• **Aim of the exercise**
Print all the records exactly, please.

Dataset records
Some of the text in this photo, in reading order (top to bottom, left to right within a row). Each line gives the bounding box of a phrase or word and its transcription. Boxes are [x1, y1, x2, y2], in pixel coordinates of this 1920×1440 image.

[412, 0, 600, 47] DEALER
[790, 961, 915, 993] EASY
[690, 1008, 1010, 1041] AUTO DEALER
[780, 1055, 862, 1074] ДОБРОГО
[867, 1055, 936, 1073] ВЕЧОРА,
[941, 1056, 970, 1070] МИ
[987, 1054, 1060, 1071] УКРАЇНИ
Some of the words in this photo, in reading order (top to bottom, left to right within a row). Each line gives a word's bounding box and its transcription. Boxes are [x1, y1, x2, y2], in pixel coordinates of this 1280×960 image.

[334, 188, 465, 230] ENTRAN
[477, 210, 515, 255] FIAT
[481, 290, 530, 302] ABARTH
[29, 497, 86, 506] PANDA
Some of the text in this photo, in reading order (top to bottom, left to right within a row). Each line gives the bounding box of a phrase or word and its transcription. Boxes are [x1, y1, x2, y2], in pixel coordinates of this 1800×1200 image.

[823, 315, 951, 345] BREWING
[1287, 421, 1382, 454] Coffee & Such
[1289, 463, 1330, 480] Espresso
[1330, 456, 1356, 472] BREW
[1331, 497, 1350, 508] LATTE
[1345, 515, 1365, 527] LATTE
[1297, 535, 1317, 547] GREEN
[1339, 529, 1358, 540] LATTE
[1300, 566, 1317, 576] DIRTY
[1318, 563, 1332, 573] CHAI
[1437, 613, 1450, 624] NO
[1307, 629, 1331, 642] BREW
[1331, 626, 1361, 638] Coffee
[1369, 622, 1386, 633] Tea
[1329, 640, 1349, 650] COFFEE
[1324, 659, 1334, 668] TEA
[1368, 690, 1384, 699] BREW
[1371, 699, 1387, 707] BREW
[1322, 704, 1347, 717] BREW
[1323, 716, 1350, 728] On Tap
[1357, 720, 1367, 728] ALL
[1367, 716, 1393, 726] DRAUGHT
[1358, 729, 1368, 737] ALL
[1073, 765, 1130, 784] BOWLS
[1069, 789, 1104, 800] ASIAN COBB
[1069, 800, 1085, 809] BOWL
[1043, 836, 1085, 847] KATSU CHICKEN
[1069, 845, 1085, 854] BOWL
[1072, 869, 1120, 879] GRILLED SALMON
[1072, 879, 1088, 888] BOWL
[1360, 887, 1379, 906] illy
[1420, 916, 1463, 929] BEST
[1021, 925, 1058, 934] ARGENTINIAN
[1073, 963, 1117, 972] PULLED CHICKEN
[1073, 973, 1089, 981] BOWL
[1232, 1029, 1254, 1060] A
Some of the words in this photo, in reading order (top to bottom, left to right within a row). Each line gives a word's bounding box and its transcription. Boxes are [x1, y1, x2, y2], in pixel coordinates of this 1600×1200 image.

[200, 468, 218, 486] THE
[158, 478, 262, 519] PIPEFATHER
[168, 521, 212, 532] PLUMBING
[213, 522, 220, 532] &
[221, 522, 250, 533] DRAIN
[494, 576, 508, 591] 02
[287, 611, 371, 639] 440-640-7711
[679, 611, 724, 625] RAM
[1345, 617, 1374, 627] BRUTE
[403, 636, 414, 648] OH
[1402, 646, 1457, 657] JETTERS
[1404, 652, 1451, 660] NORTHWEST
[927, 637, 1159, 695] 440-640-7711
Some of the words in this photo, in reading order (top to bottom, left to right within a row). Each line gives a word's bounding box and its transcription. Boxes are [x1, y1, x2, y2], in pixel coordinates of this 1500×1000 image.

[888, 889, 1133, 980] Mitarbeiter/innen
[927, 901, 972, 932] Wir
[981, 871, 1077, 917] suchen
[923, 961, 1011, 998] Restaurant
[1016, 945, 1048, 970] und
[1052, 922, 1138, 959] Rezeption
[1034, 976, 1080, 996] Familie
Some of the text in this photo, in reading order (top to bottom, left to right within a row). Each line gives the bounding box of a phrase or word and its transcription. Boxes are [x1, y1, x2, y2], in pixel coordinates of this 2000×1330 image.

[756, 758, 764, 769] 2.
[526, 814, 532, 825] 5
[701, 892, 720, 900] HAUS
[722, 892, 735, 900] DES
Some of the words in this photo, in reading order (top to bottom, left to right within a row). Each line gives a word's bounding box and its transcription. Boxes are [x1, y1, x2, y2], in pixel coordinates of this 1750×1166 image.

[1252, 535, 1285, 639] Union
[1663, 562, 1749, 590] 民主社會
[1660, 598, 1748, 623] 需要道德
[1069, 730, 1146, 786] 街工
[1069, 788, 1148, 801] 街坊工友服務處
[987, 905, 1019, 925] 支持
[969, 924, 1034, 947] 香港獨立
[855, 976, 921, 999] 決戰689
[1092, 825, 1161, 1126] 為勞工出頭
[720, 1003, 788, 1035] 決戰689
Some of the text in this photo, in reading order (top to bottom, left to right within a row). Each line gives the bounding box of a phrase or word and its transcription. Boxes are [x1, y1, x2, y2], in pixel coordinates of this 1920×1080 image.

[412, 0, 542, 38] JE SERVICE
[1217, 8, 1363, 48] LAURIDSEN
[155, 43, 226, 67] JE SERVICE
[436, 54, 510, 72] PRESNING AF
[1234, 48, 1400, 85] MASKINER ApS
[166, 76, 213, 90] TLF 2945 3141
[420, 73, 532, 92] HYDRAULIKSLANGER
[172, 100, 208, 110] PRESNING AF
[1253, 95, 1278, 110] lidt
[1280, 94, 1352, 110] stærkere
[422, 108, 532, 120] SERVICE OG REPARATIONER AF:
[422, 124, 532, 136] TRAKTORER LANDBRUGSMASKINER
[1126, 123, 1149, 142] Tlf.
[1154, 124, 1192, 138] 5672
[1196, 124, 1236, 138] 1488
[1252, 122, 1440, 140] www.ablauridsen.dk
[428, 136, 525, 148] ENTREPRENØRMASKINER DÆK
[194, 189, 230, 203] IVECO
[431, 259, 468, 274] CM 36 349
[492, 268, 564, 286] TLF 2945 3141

• **Answer for this exercise**
Some of the text in this photo, in reading order (top to bottom, left to right within a row). Each line gives the bounding box of a phrase or word and its transcription. Boxes are [x1, y1, x2, y2], in pixel coordinates of this 1920×1440 image.

[412, 0, 600, 47] DEALER
[790, 961, 915, 993] EASY
[690, 1008, 1010, 1041] AUTO DEALER
[780, 1055, 862, 1074] ДОБРОГО
[867, 1055, 936, 1073] ВЕЧОРА,
[941, 1056, 970, 1070] МИ
[987, 1054, 1060, 1071] УКРАЇНИ
Some of the words in this photo, in reading order (top to bottom, left to right within a row). Each line gives a word's bounding box and its transcription. Boxes are [x1, y1, x2, y2], in pixel coordinates of this 1280×960 image.

[334, 188, 465, 230] ENTRAN
[477, 210, 515, 255] FIAT
[481, 290, 530, 302] ABARTH
[29, 497, 86, 506] PANDA
Some of the text in this photo, in reading order (top to bottom, left to right within a row). Each line gives the bounding box of a phrase or word and its transcription. Boxes are [x1, y1, x2, y2], in pixel coordinates of this 1800×1200 image.

[823, 315, 951, 345] BREWING
[1287, 421, 1382, 454] Coffee & Such
[1289, 463, 1330, 480] Espresso
[1330, 456, 1356, 472] BREW
[1331, 497, 1350, 508] LATTE
[1345, 515, 1365, 527] LATTE
[1297, 535, 1317, 547] GREEN
[1339, 529, 1358, 540] LATTE
[1300, 566, 1317, 576] DIRTY
[1318, 563, 1332, 573] CHAI
[1437, 613, 1450, 624] NO
[1307, 629, 1331, 642] BREW
[1331, 626, 1361, 638] Coffee
[1369, 622, 1386, 633] Tea
[1329, 640, 1349, 650] COFFEE
[1324, 659, 1334, 668] TEA
[1368, 690, 1384, 699] BREW
[1371, 699, 1387, 707] BREW
[1322, 704, 1347, 717] BREW
[1323, 716, 1350, 728] On Tap
[1357, 720, 1367, 728] ALL
[1367, 716, 1393, 726] DRAUGHT
[1358, 729, 1368, 737] ALL
[1073, 765, 1130, 784] BOWLS
[1069, 789, 1104, 800] ASIAN COBB
[1069, 800, 1085, 809] BOWL
[1043, 836, 1085, 847] KATSU CHICKEN
[1069, 845, 1085, 854] BOWL
[1072, 869, 1120, 879] GRILLED SALMON
[1072, 879, 1088, 888] BOWL
[1360, 887, 1379, 906] illy
[1420, 916, 1463, 929] BEST
[1021, 925, 1058, 934] ARGENTINIAN
[1073, 963, 1117, 972] PULLED CHICKEN
[1073, 973, 1089, 981] BOWL
[1232, 1029, 1254, 1060] A
Some of the words in this photo, in reading order (top to bottom, left to right within a row). Each line gives a word's bounding box and its transcription. Boxes are [x1, y1, x2, y2], in pixel coordinates of this 1600×1200 image.

[200, 468, 218, 486] THE
[158, 478, 262, 519] PIPEFATHER
[168, 521, 212, 532] PLUMBING
[213, 522, 220, 532] &
[221, 522, 250, 533] DRAIN
[494, 576, 508, 591] 02
[287, 611, 371, 639] 440-640-7711
[679, 611, 724, 625] RAM
[1345, 617, 1374, 627] BRUTE
[403, 636, 414, 648] OH
[1402, 646, 1457, 657] JETTERS
[1404, 652, 1451, 660] NORTHWEST
[927, 637, 1159, 695] 440-640-7711
Some of the words in this photo, in reading order (top to bottom, left to right within a row). Each line gives a word's bounding box and its transcription. Boxes are [x1, y1, x2, y2], in pixel coordinates of this 1500×1000 image.

[888, 889, 1133, 980] Mitarbeiter/innen
[927, 901, 972, 932] Wir
[981, 871, 1077, 917] suchen
[923, 961, 1011, 998] Restaurant
[1016, 945, 1048, 970] und
[1052, 922, 1138, 959] Rezeption
[1034, 976, 1080, 996] Familie
Some of the text in this photo, in reading order (top to bottom, left to right within a row). Each line gives the bounding box of a phrase or word and its transcription. Boxes are [x1, y1, x2, y2], in pixel coordinates of this 2000×1330 image.

[756, 758, 764, 769] 2.
[526, 814, 532, 825] 5
[701, 892, 720, 900] HAUS
[722, 892, 735, 900] DES
Some of the words in this photo, in reading order (top to bottom, left to right within a row). Each line gives a word's bounding box and its transcription. Boxes are [x1, y1, x2, y2], in pixel coordinates of this 1750×1166 image.

[1252, 535, 1285, 639] Union
[1663, 562, 1749, 590] 民主社會
[1660, 598, 1748, 623] 需要道德
[1069, 730, 1146, 786] 街工
[1069, 788, 1148, 801] 街坊工友服務處
[987, 905, 1019, 925] 支持
[969, 924, 1034, 947] 香港獨立
[855, 976, 921, 999] 決戰689
[1092, 825, 1161, 1126] 為勞工出頭
[720, 1003, 788, 1035] 決戰689
Some of the text in this photo, in reading order (top to bottom, left to right within a row). Each line gives the bounding box of a phrase or word and its transcription. Boxes are [x1, y1, x2, y2], in pixel coordinates of this 1920×1080 image.

[412, 0, 542, 38] JE SERVICE
[1217, 8, 1363, 48] LAURIDSEN
[155, 43, 226, 67] JE SERVICE
[436, 54, 510, 72] PRESNING AF
[1234, 48, 1400, 85] MASKINER ApS
[166, 76, 213, 90] TLF 2945 3141
[420, 73, 532, 92] HYDRAULIKSLANGER
[172, 100, 208, 110] PRESNING AF
[1253, 95, 1278, 110] lidt
[1280, 94, 1352, 110] stærkere
[422, 108, 532, 120] SERVICE OG REPARATIONER AF:
[422, 124, 532, 136] TRAKTORER LANDBRUGSMASKINER
[1126, 123, 1149, 142] Tlf.
[1154, 124, 1192, 138] 5672
[1196, 124, 1236, 138] 1488
[1252, 122, 1440, 140] www.ablauridsen.dk
[428, 136, 525, 148] ENTREPRENØRMASKINER DÆK
[194, 189, 230, 203] IVECO
[431, 259, 468, 274] CM 36 349
[492, 268, 564, 286] TLF 2945 3141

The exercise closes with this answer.